Since then, Marshall has sought to improve life for women.
As a Dunn lawyer, she was instrumental in creating the first rape crisis center in Harnett County - moved in part by domestic law cases she handled, according to friends.
She lobbied the legislature to require insurance companies to cover mammograms and pap smears. During her one term in the state Senate, her signature legislative accomplishment was outlawing marital rape - North Carolina was the last state in the country that allowed husbands to rape their wives.
At a recent political fundraiser at Charlotte's Duke Mansion, there is an uncharacteristic edge in Marshall's voice as she lists the things she has tried to do for women, while comparing them with votes that her opponent has cast.
"Sen. Burr stood with big corporations against fair pay for women," Marshall tells the crowd. "He just doesn't get it on women's issues."
Marshall has long been interested in Democratic politics, serving in her 20s as a Democratic National Committeewoman and as national secretary of the Young Democrats of America.
For years she worked in the Democratic Party's vineyards, paying her dues, speaking at party functions.
She has been successful in politics. Her biggest moment came in 1996, when she defeated NASCAR legend Richard Petty to become the first woman elected to statewide executive office in North Carolina. She also won election to the state Senate in 1992 in a conservative-leaning small town Eastern district.
But Marshall has never quite reached stardom.

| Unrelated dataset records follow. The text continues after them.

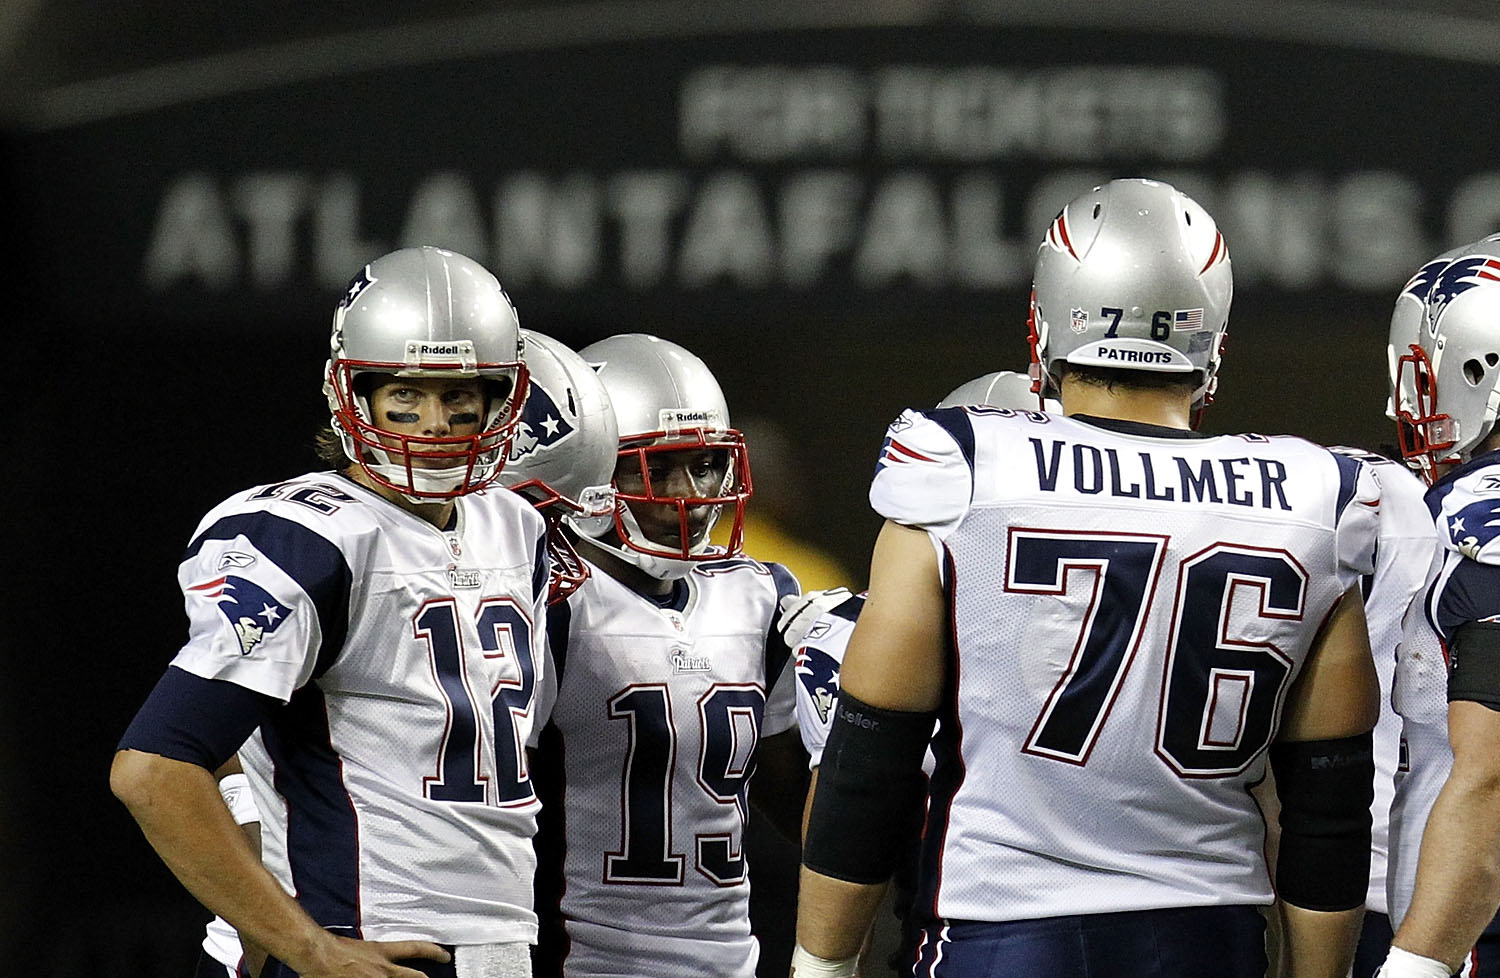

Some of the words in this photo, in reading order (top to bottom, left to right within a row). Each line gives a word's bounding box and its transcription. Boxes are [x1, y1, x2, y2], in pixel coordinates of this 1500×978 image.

[875, 64, 1224, 160] TICKETS
[421, 345, 458, 355] Riddell
[1098, 347, 1172, 363] PATRIOTS
[677, 413, 708, 422] Riddell
[1028, 437, 1292, 511] VOLLMER
[1003, 526, 1310, 780] 76
[413, 597, 542, 808] 12
[602, 683, 767, 887] 19
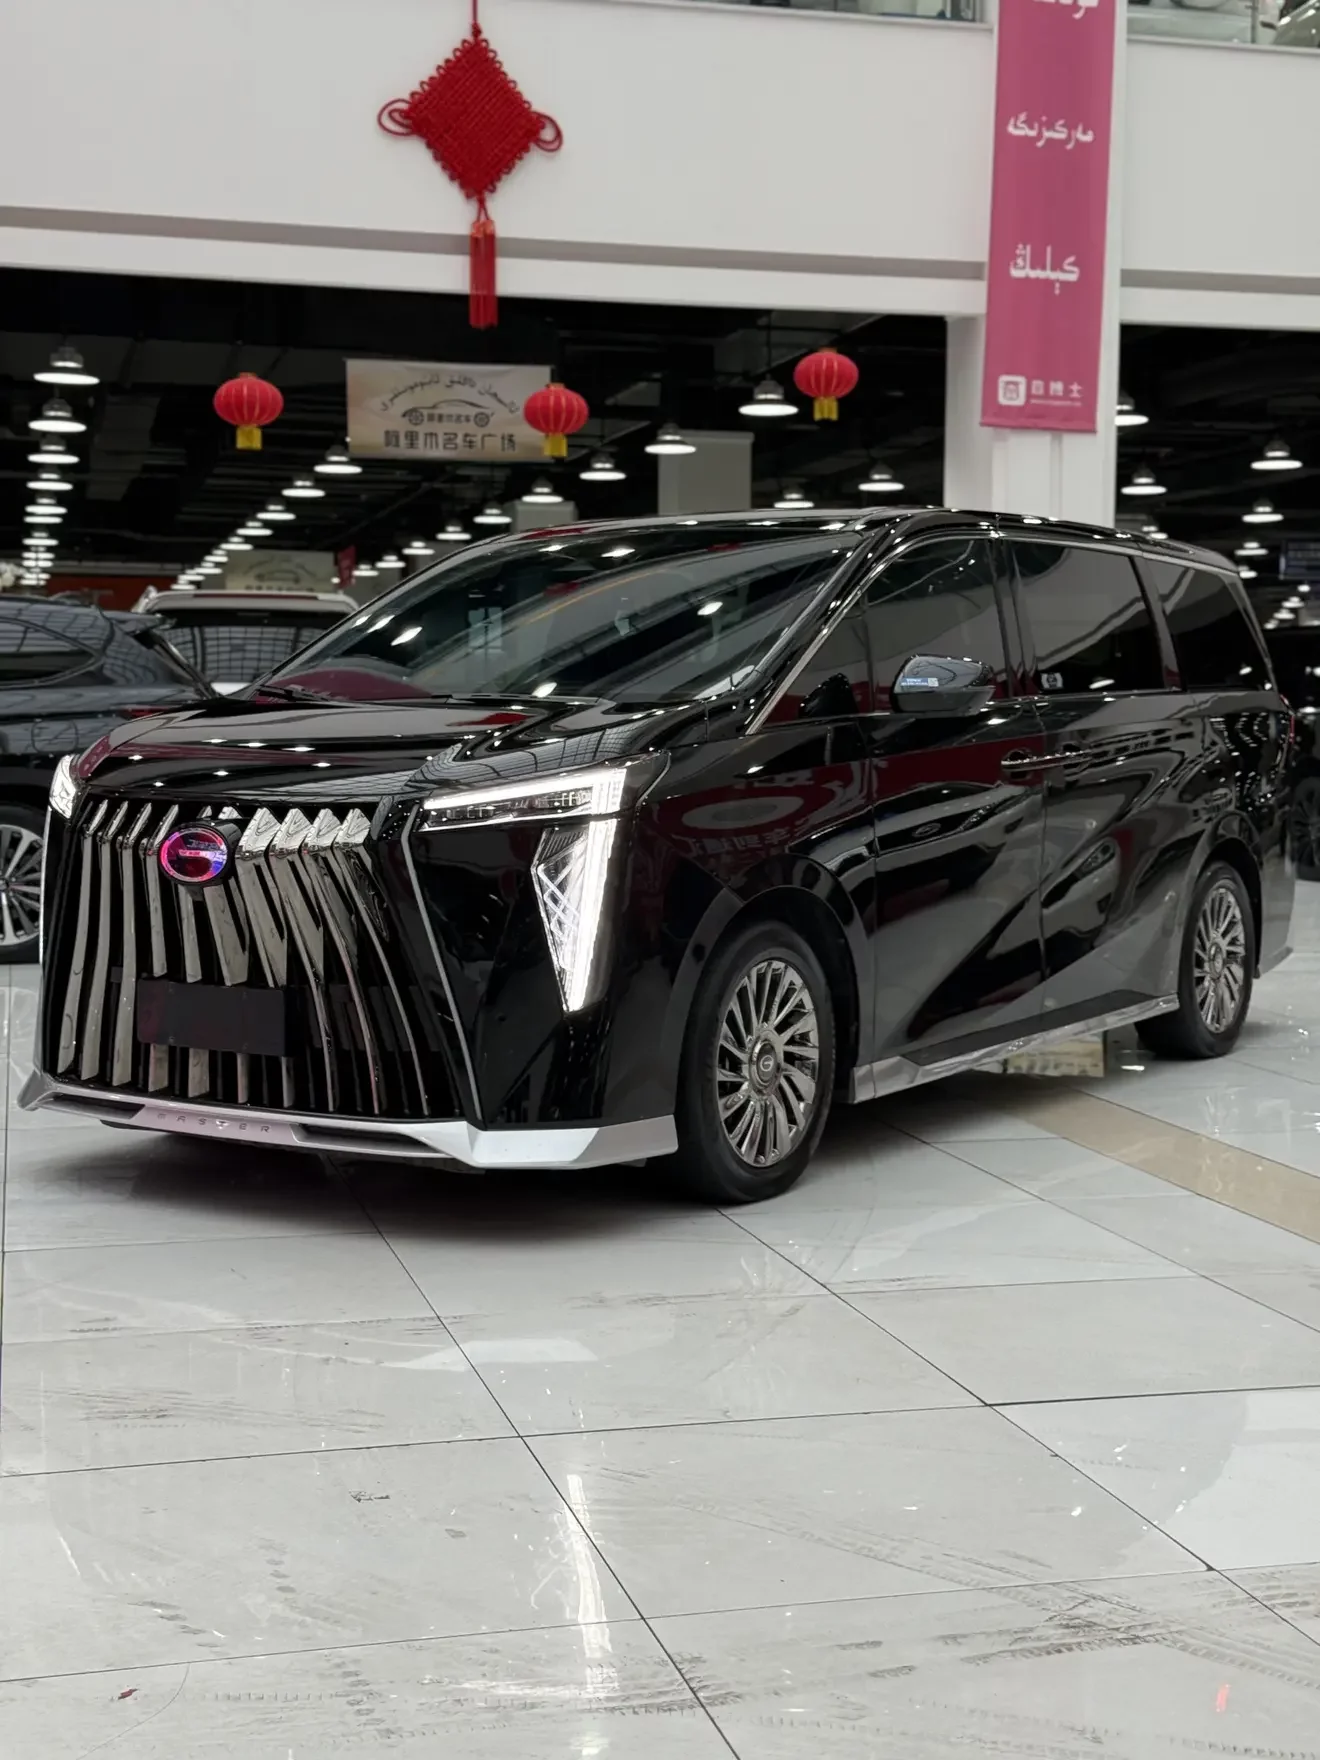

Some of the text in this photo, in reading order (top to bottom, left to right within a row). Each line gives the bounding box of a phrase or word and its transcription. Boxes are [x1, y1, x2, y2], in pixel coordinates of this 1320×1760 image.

She lost her first state House race in 1988, lost re-election to her state Senate seat during the 1994 Republican sweep, and finished a distant third when she sought the Democratic nomination for the U.S. Senate in 2002.
She has easily won re-election as secretary of state, for which she makes $123,198 per year. She has a home in West Raleigh where she relaxes by gardening or baking bread.
While Marshall maintains an upbeat attitude in public, she has battled personal tragedy. Her second husband, Sol Marshall, a retired Navy military officer whom she met at Campbell law school, died of cancer in 1999. They had been married 16 years.
Her third husband, William Holdford, a Wilson lawyer, died in November, also of cancer, after eight years of marriage.
Friends say she has a basic internal strength and sense of purpose.
Marshall entered the Senate campaign as her husband was battling incurable cancer, but with his full backing and encouragement.
Two weeks before he died, the doctor in Chapel Hill told him to focus on what was important in his remaining days.
"Bill pumped his fist in the air and said, 'Right Doc. That's the campaign,'" Marshall recalls.
After the death of Sol Marshall, Marshall says she spent too much time at home thinking about her loss, which she thinks was a mistake. This time, two weeks after her husband's death, she was back on the campaign trail.
"For me," Marshall says, "the best medicine, the best way to grieve, is to do things that have meaning and purpose. I've got to stay busy. When you know there is pain coming in all things in life, you insulate yourself. I know that working and having a challenge is the best thing for me."